**TASK TO CARRY OUT**
There is a line below that contains "this 1440×1280 image.". Please reproduce it and all following lines exactly, through the final one.
>>>
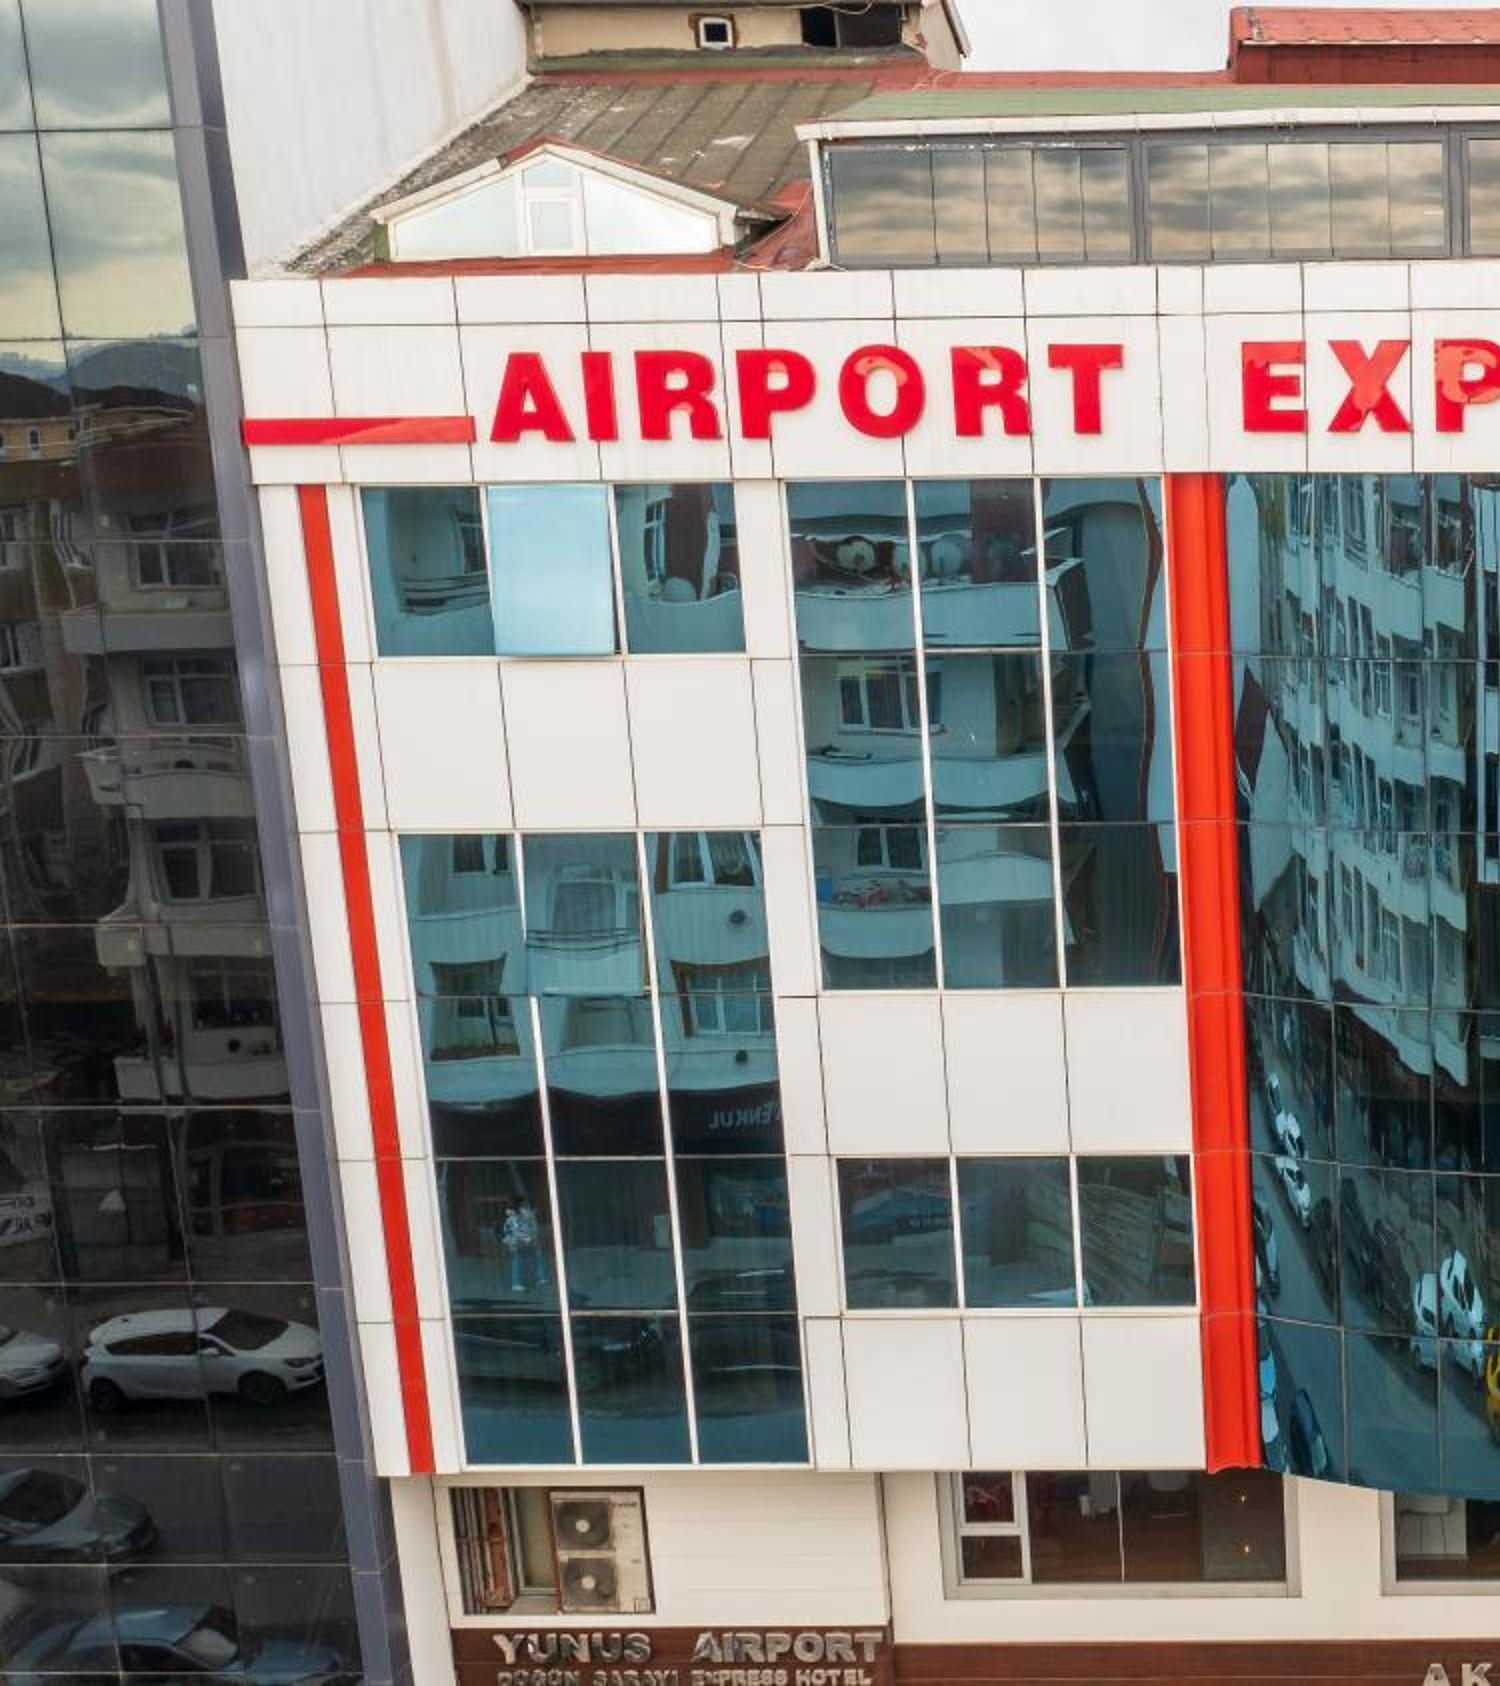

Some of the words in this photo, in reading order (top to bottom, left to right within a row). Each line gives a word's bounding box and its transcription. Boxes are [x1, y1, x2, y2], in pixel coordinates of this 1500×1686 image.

[490, 343, 1124, 443] AIRPORT
[492, 1632, 651, 1665] YUNUS
[691, 1631, 884, 1663] AIRPORT
[795, 1668, 873, 1686] HOTEL
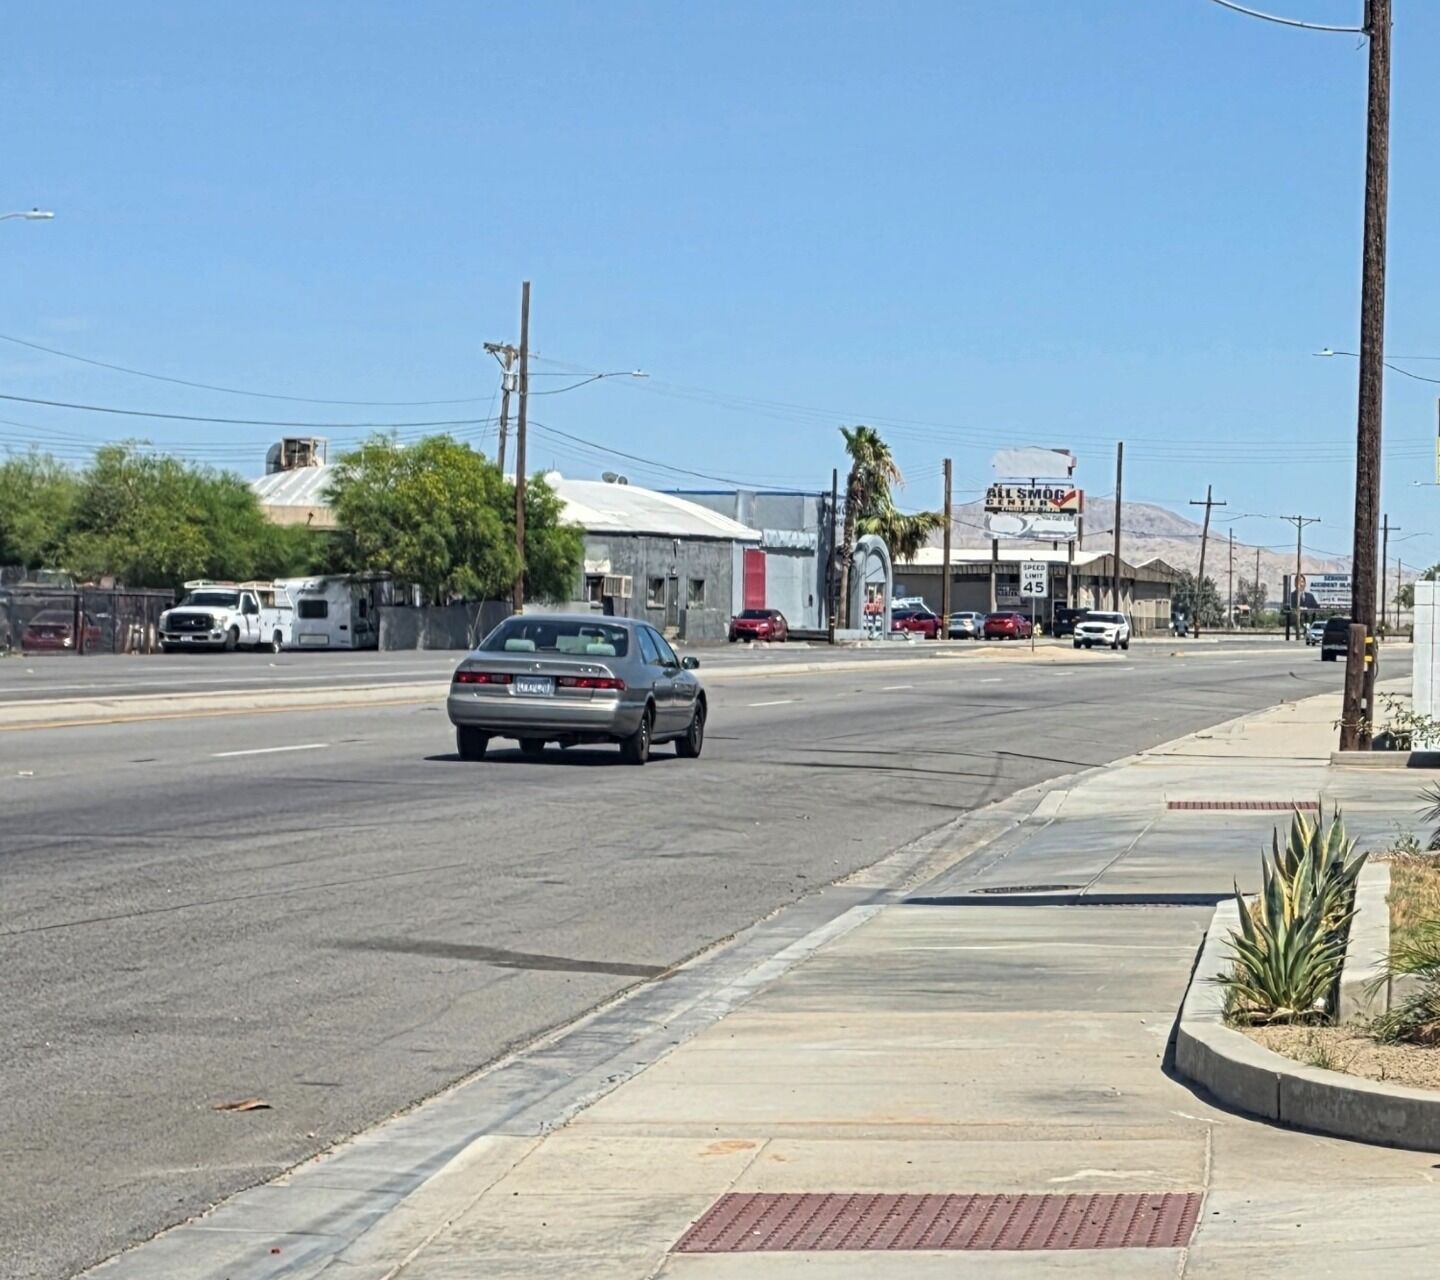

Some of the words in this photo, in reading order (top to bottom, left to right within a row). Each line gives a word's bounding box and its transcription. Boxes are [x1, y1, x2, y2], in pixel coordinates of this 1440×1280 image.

[986, 488, 1012, 498] ALL
[1017, 488, 1064, 499] SMOG
[1023, 582, 1044, 593] 45
<<<
**REPLY**
Some of the words in this photo, in reading order (top to bottom, left to right within a row). Each line gives a word's bounding box and its transcription. Boxes are [x1, y1, x2, y2], in pixel coordinates of this 1440×1280 image.

[986, 488, 1012, 498] ALL
[1017, 488, 1064, 499] SMOG
[1023, 582, 1044, 593] 45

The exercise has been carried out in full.